As financial institutions increasingly offer robo‐advisors (RAs) as a service, the empirical evidence on their performance, particularly during market downturns, remains limited. We study the impact of using RAs on investment performance during the 2020 financial crisis caused by the COVID‐19 global pandemic. We obtain daily portfolio and transaction data of investors on an online investment platform. Besides making investment decisions by themselves, investors can also leverage an RA system offered by the platform. We match RA users with other investors who did not use the RA with similar investor and portfolio characteristics before the market crash, then compare their portfolio returns after the crash. We find that RA users experienced significantly fewer losses during the market downturn, and this performance advantage came from the RA‐managed assets (rather than assets managed by RA users themselves). We further show that the RA system adjusted its portfolios to hold less risky funds, whereas human investors stayed with their status quo and did not reduce the risk of their portfolios, which partly accounted for the performance discrepancy.

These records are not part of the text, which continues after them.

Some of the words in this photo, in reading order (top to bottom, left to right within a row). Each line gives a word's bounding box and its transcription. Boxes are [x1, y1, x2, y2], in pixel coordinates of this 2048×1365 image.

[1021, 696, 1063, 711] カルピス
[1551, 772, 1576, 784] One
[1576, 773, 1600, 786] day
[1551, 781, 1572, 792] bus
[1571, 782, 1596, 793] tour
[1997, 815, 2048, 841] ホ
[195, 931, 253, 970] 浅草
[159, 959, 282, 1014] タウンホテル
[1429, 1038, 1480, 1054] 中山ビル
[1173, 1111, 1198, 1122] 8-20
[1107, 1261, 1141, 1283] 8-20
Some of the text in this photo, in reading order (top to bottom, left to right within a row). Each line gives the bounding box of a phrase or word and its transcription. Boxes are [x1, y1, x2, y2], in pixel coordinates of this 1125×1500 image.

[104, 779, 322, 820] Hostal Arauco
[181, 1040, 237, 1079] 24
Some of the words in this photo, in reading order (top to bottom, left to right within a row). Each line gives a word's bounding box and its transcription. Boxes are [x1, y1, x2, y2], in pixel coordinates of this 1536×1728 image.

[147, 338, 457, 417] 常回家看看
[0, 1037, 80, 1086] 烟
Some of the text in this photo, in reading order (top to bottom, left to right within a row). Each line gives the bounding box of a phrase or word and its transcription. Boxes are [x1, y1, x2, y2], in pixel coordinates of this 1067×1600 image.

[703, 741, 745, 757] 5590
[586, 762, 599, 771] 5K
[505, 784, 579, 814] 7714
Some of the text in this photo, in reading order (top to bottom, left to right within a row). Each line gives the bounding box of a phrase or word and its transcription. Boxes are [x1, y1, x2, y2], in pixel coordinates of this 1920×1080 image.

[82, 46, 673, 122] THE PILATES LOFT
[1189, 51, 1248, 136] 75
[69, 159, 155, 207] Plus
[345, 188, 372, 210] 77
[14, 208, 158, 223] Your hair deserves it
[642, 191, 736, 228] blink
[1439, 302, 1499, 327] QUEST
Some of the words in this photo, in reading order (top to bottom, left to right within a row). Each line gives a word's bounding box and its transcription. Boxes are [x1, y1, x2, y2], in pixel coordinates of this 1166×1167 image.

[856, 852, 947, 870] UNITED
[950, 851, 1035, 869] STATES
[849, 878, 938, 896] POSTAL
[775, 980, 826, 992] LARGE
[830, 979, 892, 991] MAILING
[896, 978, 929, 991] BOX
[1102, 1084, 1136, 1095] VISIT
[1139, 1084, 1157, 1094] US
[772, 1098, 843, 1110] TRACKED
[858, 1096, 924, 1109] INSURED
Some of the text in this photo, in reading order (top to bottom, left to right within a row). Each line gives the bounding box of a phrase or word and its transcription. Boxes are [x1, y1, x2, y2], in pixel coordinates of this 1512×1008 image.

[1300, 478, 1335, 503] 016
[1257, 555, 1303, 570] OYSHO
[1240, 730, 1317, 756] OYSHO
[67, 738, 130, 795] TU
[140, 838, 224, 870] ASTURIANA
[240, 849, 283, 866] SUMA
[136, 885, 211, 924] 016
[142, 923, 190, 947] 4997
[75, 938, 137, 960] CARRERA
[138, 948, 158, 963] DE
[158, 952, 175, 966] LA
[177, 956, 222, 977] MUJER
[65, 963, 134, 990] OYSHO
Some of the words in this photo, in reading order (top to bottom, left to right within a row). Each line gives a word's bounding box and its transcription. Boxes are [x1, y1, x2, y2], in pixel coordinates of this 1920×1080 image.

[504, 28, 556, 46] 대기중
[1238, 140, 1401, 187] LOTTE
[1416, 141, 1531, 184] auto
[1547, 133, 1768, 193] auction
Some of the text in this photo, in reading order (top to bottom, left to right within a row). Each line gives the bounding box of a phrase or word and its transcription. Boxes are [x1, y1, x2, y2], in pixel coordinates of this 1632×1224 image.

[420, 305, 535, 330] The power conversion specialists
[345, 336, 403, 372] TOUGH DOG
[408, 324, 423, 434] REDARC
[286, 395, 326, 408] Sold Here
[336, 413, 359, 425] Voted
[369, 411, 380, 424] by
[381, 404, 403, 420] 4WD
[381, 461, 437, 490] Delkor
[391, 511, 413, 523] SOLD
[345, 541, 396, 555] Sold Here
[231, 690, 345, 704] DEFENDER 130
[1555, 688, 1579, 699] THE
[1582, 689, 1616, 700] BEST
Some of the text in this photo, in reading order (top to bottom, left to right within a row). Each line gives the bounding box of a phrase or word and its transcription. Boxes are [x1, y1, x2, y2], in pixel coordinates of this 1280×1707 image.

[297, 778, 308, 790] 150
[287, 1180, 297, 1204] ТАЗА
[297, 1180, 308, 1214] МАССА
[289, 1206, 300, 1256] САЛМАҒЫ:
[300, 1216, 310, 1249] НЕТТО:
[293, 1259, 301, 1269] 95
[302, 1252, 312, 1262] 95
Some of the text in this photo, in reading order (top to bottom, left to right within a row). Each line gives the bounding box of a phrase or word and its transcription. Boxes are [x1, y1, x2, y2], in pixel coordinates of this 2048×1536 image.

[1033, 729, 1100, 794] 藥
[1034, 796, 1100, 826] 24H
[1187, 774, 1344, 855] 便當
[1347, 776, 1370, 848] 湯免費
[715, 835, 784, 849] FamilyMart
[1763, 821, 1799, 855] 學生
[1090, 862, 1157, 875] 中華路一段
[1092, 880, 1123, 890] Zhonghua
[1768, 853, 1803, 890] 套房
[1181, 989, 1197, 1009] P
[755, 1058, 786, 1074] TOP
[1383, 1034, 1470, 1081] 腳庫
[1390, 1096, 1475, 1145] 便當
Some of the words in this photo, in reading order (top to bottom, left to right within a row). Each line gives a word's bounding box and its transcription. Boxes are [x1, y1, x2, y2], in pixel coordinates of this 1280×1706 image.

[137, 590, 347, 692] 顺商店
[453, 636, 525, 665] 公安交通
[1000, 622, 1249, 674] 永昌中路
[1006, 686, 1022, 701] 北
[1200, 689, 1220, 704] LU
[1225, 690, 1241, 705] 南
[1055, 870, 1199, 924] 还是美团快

Importantly, the RA’s superior performance was not simply a continuation of its performance in a normal market; in fact, we find RA users to have similar portfolio returns as non‐RA investors during normal markets, and the benefits of RA's risk‐reduction trading strategy only manifested during the financial crisis. Our work offers an empirical assessment of RAs’ performance under different market conditions and advances the understanding of algorithmic decision making in financial markets.